Work to complete ->
Please return the whole listing exactly.

Exercise input ->
────────────────────
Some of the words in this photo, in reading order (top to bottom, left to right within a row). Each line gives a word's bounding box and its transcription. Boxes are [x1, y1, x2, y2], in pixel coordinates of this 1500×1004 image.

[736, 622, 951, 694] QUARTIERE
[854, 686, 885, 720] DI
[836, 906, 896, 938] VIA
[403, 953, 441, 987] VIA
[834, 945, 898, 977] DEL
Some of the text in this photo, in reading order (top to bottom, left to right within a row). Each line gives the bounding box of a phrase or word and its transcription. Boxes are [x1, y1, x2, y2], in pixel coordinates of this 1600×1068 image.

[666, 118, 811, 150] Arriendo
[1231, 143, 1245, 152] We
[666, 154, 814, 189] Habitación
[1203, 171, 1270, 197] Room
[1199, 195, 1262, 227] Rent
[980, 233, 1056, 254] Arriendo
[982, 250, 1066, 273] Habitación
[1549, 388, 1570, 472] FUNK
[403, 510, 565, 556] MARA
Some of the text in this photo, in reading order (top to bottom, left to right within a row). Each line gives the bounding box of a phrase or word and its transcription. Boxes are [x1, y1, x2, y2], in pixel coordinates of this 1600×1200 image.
────────────────────
Answer for the task ->
Some of the words in this photo, in reading order (top to bottom, left to right within a row). Each line gives a word's bounding box and its transcription. Boxes are [x1, y1, x2, y2], in pixel coordinates of this 1500×1004 image.

[736, 622, 951, 694] QUARTIERE
[854, 686, 885, 720] DI
[836, 906, 896, 938] VIA
[403, 953, 441, 987] VIA
[834, 945, 898, 977] DEL
Some of the text in this photo, in reading order (top to bottom, left to right within a row). Each line gives the bounding box of a phrase or word and its transcription. Boxes are [x1, y1, x2, y2], in pixel coordinates of this 1600×1068 image.

[666, 118, 811, 150] Arriendo
[1231, 143, 1245, 152] We
[666, 154, 814, 189] Habitación
[1203, 171, 1270, 197] Room
[1199, 195, 1262, 227] Rent
[980, 233, 1056, 254] Arriendo
[982, 250, 1066, 273] Habitación
[1549, 388, 1570, 472] FUNK
[403, 510, 565, 556] MARA
Some of the text in this photo, in reading order (top to bottom, left to right within a row). Each line gives the bounding box of a phrase or word and its transcription. Boxes are [x1, y1, x2, y2], in pixel coordinates of this 1600×1200 image.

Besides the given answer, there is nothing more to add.